WHAT TO PRODUCE :: Down to the last line, set the entries down again exactly.

Saved data entries:
^^^^^^^^

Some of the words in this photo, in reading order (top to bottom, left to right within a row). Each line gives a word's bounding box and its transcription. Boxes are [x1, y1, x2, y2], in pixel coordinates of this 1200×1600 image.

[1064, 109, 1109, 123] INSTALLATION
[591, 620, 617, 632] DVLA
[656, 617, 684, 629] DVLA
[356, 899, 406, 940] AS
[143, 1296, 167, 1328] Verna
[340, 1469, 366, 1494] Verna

^^^^^^^^

SOLUTION BELOW ::
Some of the words in this photo, in reading order (top to bottom, left to right within a row). Each line gives a word's bounding box and its transcription. Boxes are [x1, y1, x2, y2], in pixel coordinates of this 1200×1600 image.

[1064, 109, 1109, 123] INSTALLATION
[591, 620, 617, 632] DVLA
[656, 617, 684, 629] DVLA
[356, 899, 406, 940] AS
[143, 1296, 167, 1328] Verna
[340, 1469, 366, 1494] Verna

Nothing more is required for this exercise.